The problem is admittedly not large, but it is important, said Robert Nussbaum, Chief of the Division of Medical Genetics at UC San Francisco. James Evans agreed. In a minority of cases, he said, there will be “nuggets of great medical consequence.”
Nussbaum stressed that the ACMG recommendations were meant to inform testing labs which gene results they should return to the ordering clinician. The recommendations were not specific instructions for which findings to return to patients.
The debate continues, however, on how patients should be able to interact with those data. In a live poll at the session, nearly 70% of respondents called for some changes to the recommendations, and 88% of the responding audience supported an opt-out option.
Wylie Burke, a bioethicist from the University of Washington, and Susan Wolf, the McKnight Presidential Professor of Law, Medicine & Public Policy at the University of Minnesota, agreed that there is no reason patients should not be offered the choice to opt out of receiving the incidental findings report. Patients can choose to opt out of medically-necessary treatments, Wolf pointed out; these findings should be no different.
Designing an opt-out process, however, requires further choices to be made. Evans argued that opting out must take place before testing, so that if patients choose not to receive results, the results aren't even generated.
If the results are collected and entered into the medical record, Evans says it's impossible to ensure that the patient doesn't get that information. Because so many providers – physicians, nurses, and others – have access to the records, it's very likely that the information will slip out. He likened it to a pregnant couple who chose not to know the sex of their unborn baby. For some couples, an unwary provider is bound to congratulate them on the expected baby boy.
Burke agreed. If patients don't want the results, we shouldn't be generating them, she said, as a matter of respect.
But what if they want some of the results?
At Baylor, Eng said patients can't opt out of any of the ACMG 56 results, although they can opt out of seeing results for the additional genes Baylor has deemed actionable.
It's a position Burke says is “defensible.” Consenting patients on all 56 genes would be a monumental task, and she supports groups that take an all-or-none approach.
On the other hand, many can imagine situations in which patients would choose to have some of the data but not all of it. A commonly cited example was results linked to adult-onset diseases for pediatric patients. Do the parents of these patients need to know about adult-onset diseases?
92% of the responding audience members said parents should be able to opt out of adult-onset data for their children, focusing instead on the more immediately relevant findings.
A proposed solution is “binning” or grouping the findings into smaller groups of similar conditions, allowing patients to opt out of adult-onset findings, for instance, or cancer findings.

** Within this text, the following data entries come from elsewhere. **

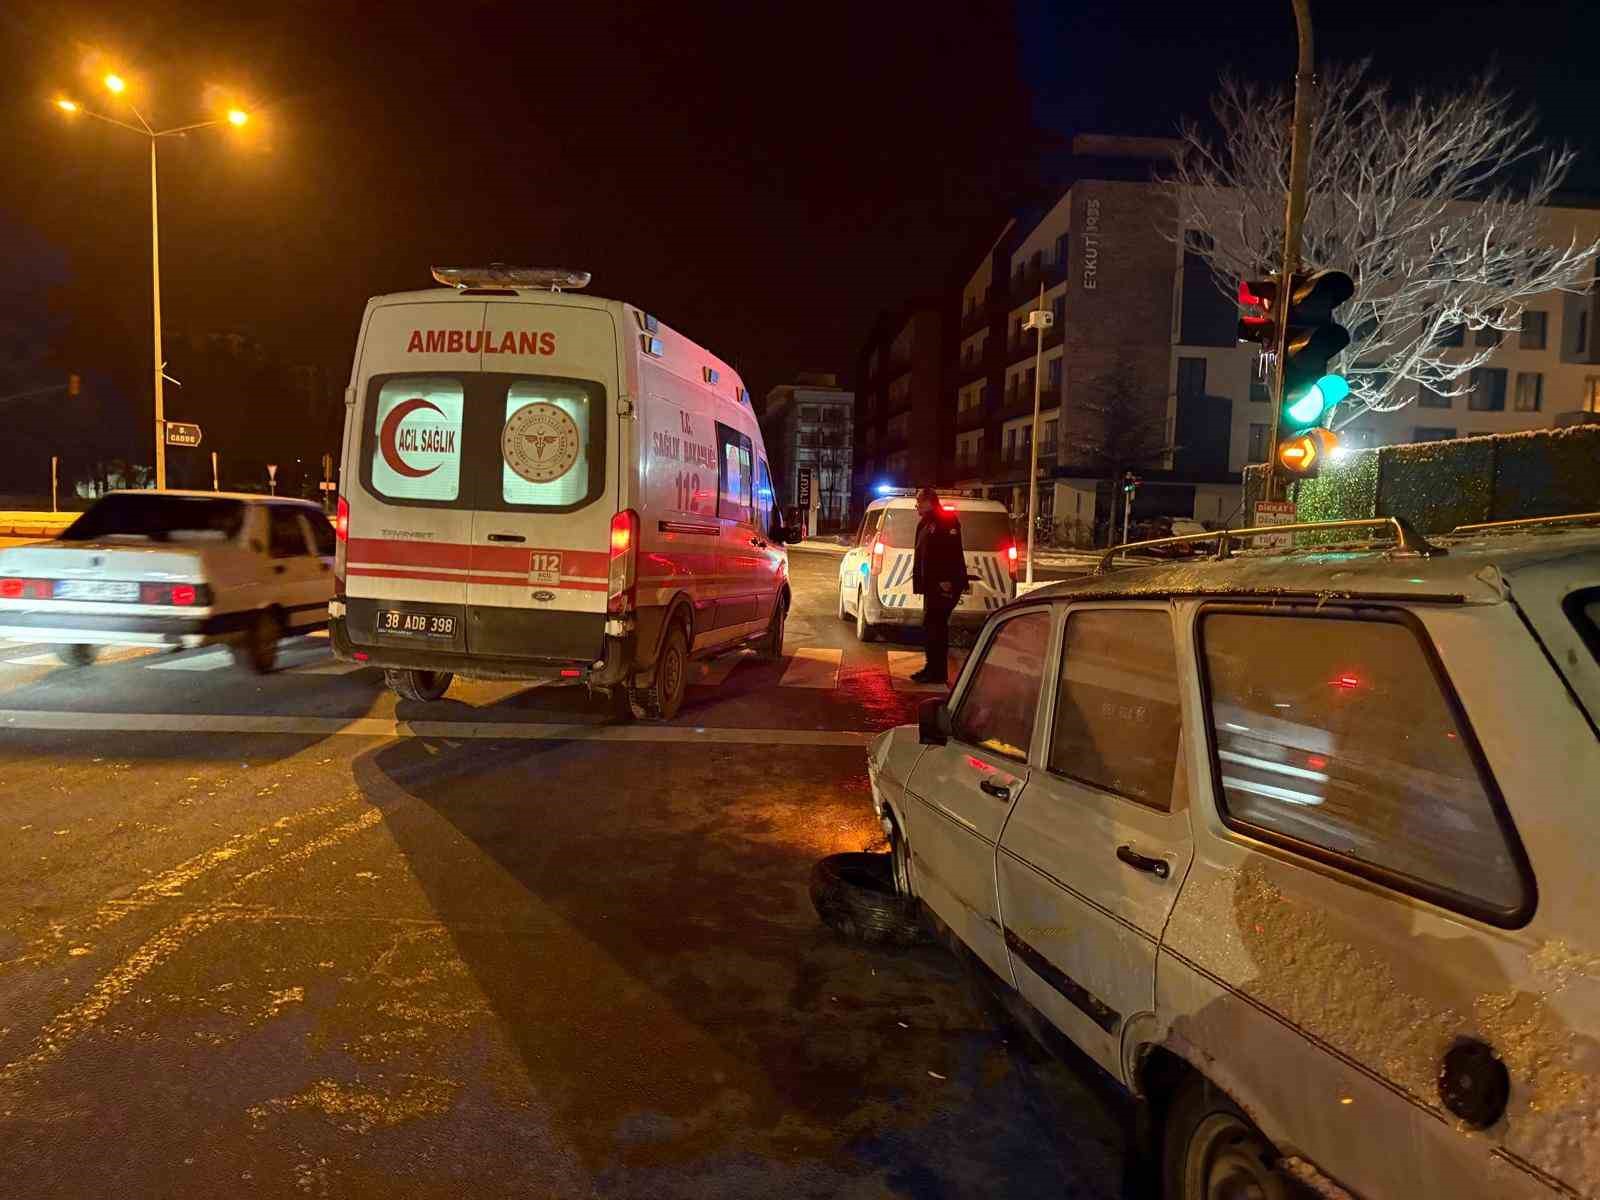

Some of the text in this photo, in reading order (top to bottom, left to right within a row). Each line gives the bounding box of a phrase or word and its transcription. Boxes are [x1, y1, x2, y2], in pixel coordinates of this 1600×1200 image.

[1083, 236, 1098, 289] ERKUT
[407, 329, 556, 356] AMBULANS
[420, 425, 456, 454] SAĞLIK
[675, 471, 701, 512] 112
[532, 553, 560, 571] 112
[385, 613, 400, 628] 38
[404, 615, 426, 631] ADB
[430, 617, 453, 633] 398
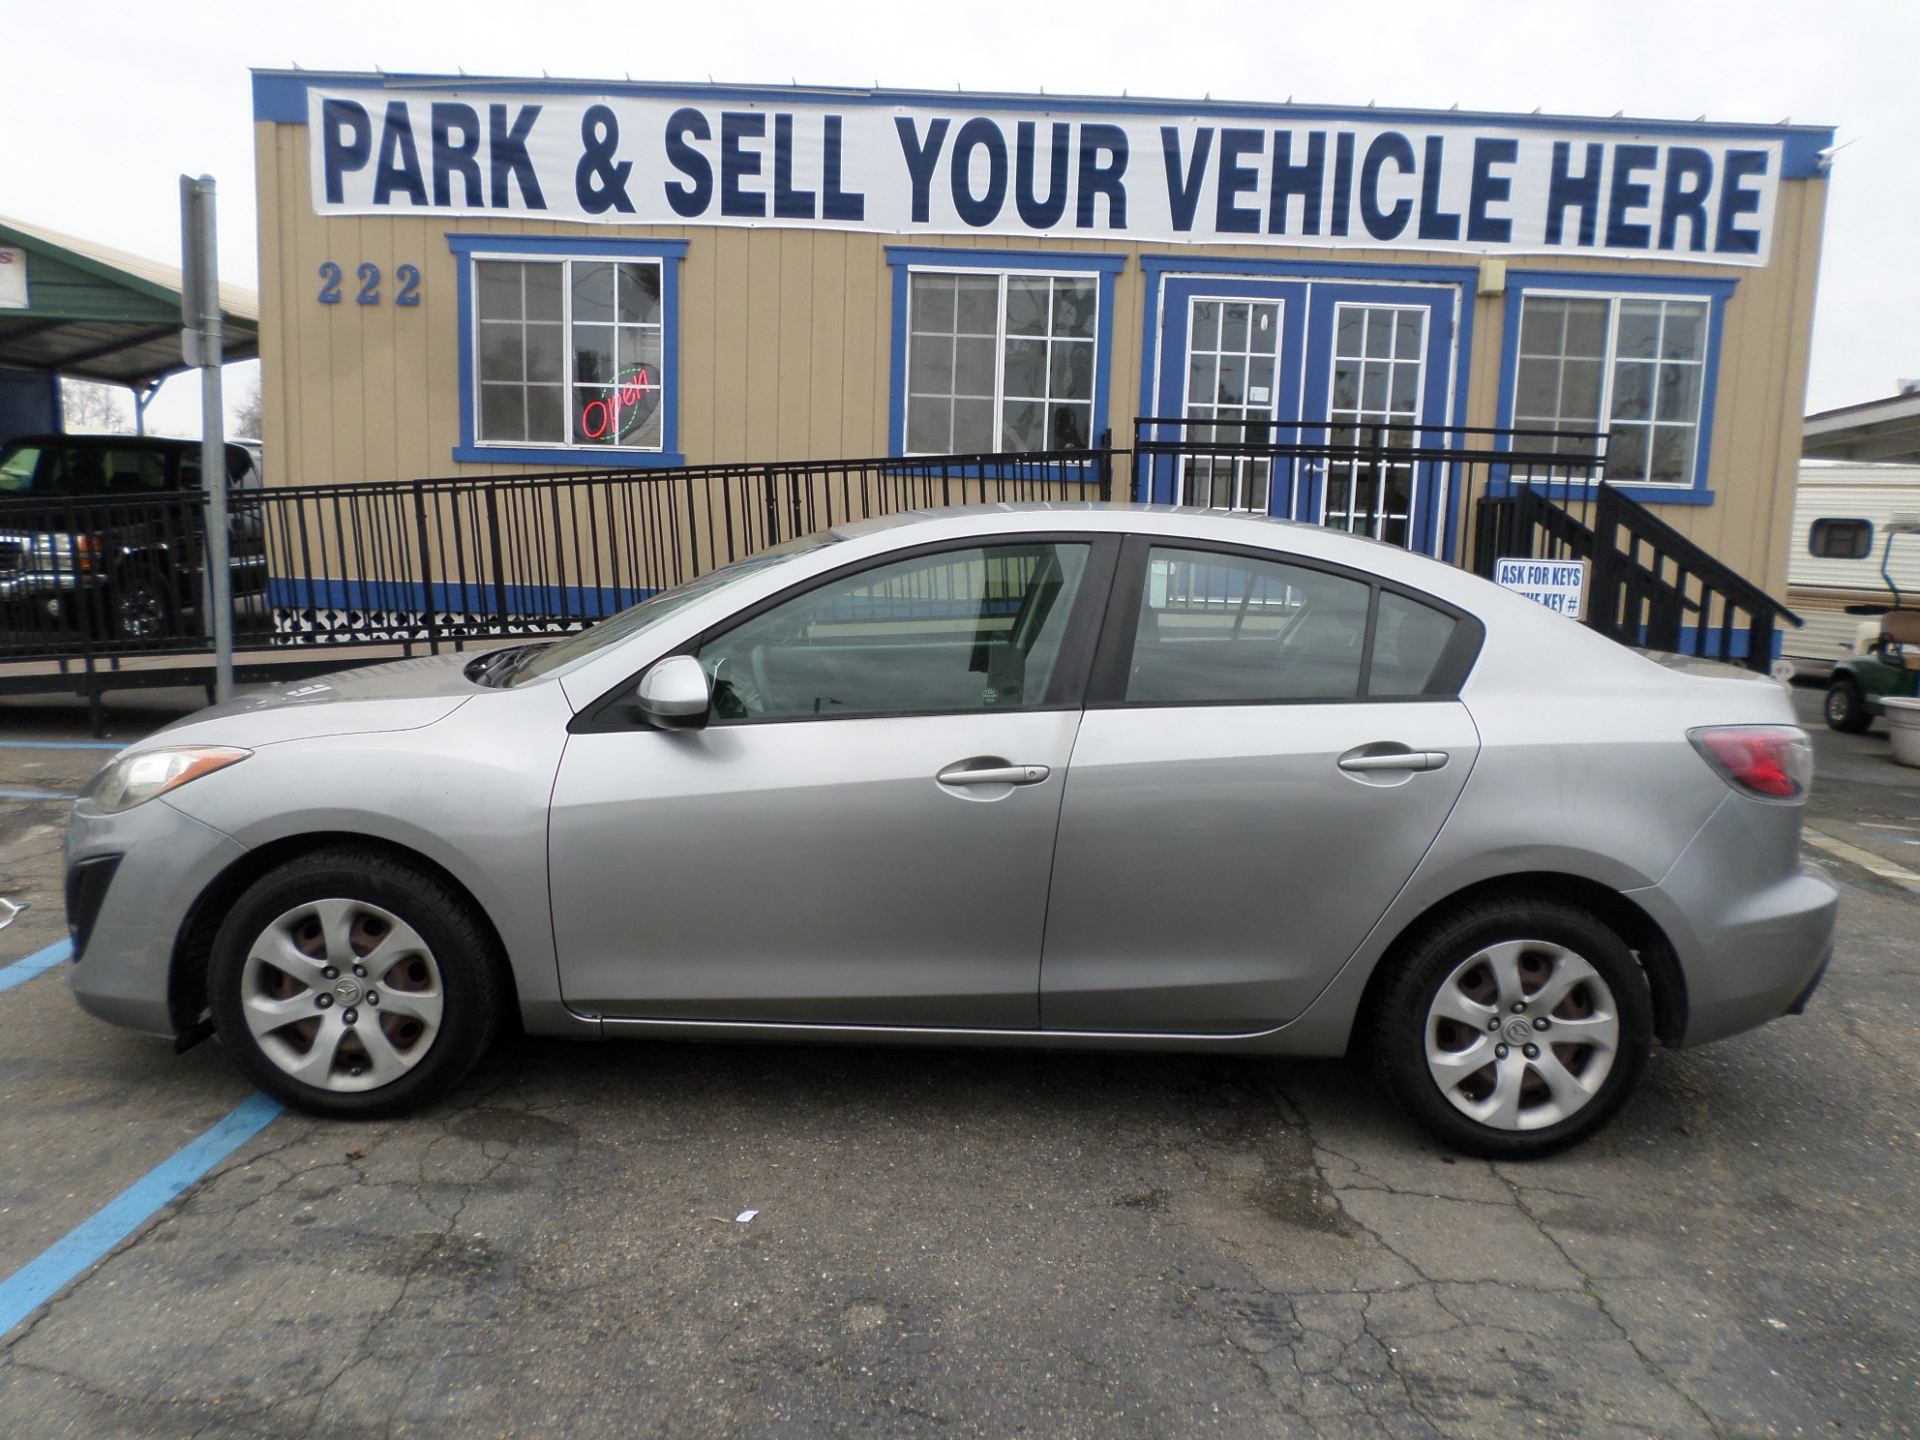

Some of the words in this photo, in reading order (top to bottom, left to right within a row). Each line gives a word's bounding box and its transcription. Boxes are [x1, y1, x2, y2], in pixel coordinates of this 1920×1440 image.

[322, 98, 549, 211] PARK
[575, 103, 637, 215] &
[664, 107, 866, 223] SELL
[894, 116, 1131, 231] YOUR
[1160, 126, 1519, 244] VEHICLE
[1544, 141, 1769, 255] HERE
[318, 261, 422, 307] 222
[582, 368, 651, 438] Open
[1501, 565, 1526, 584] ASK
[1528, 566, 1550, 586] FOR
[1552, 566, 1581, 587] KEYS
[1543, 593, 1566, 613] KEY
[1567, 596, 1578, 613] #
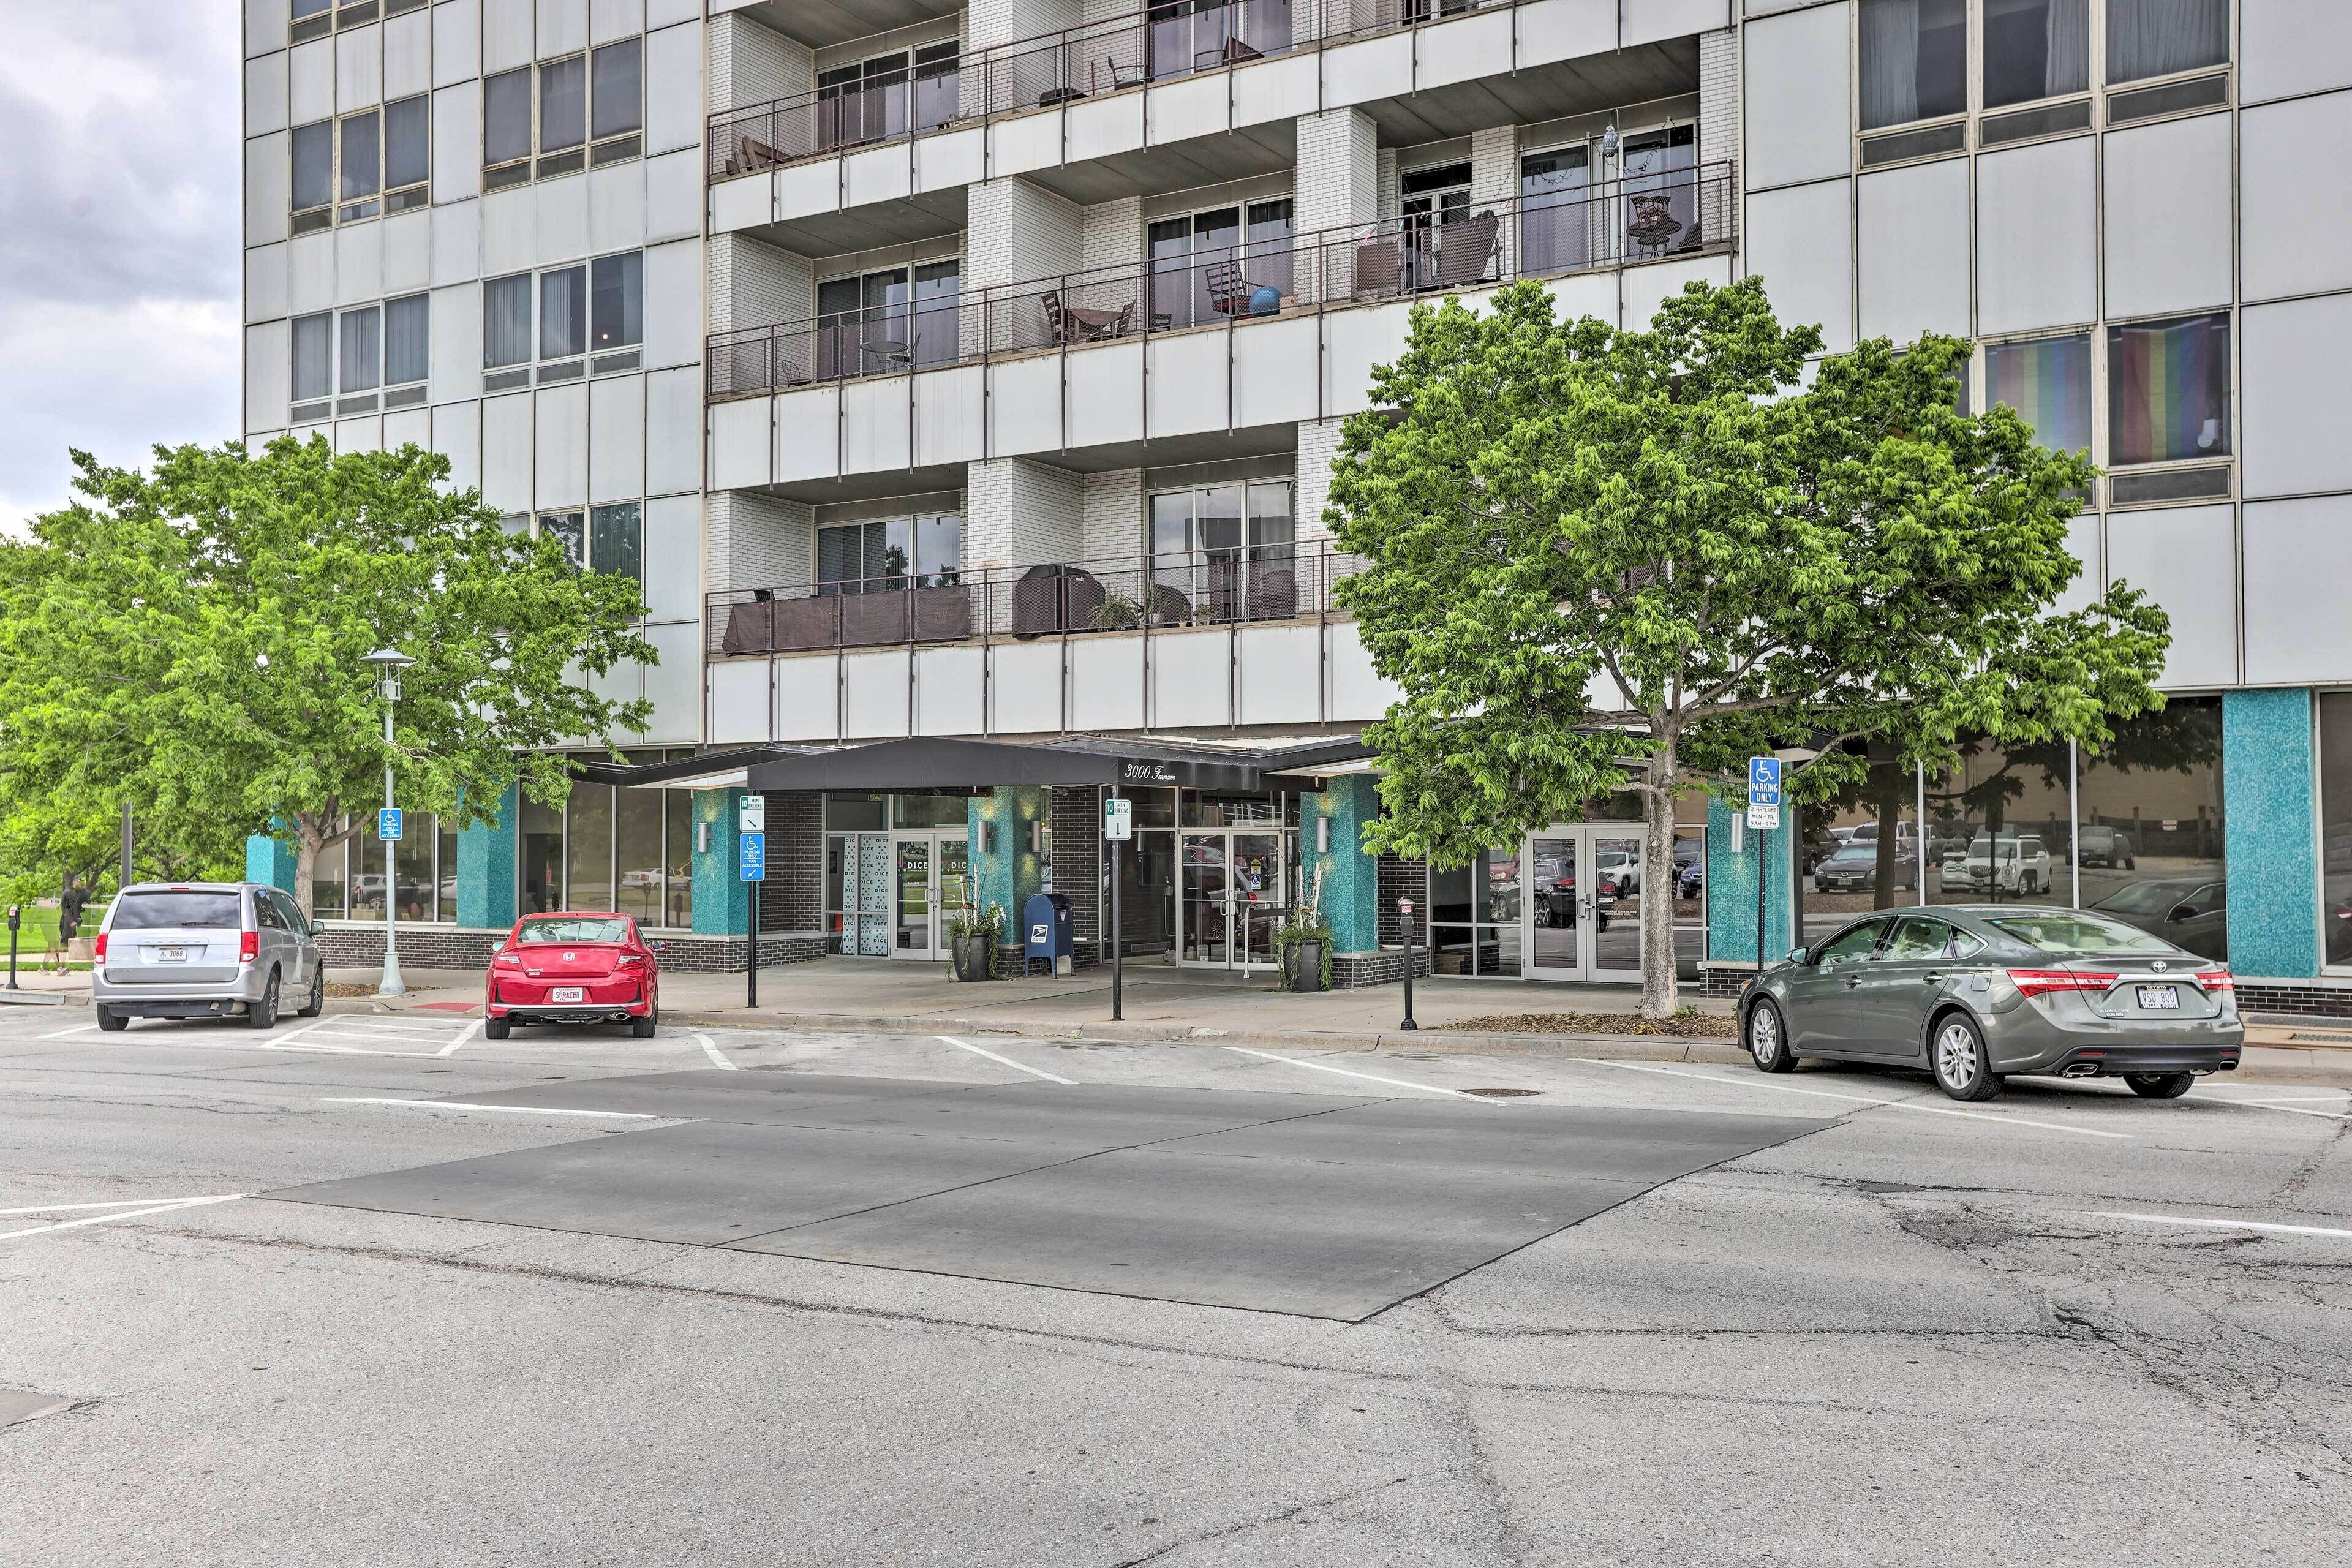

That sort of “checklist” approach would be challenging for labs, Eng said, but not insurmountable. On Twitter, audience members scoffed at the idea that logistical challenges overrode the patient’s right to choose.
Nussbaum challenged Burke on the concept of the patient’s ultimate autonomy. Does it always trump the physician’s recommendation?
We have an obligation of beneficence, Burke said, to offer anything that would be helpful. But there's also a communication issue; physicians are responsible for explaining the rationale for the 56 genes tested and why they believe it’s a worthwhile test.
Physician communication can make all the difference. It’s an unusual patient that opts out after being consented, said Evans.
But Wolf again stressed that the patient’s values must govern the choices made, even if the menu of choices offered is up to the physician. Part of a physician’s duty of beneficence is to respect the patient’s decision, she said.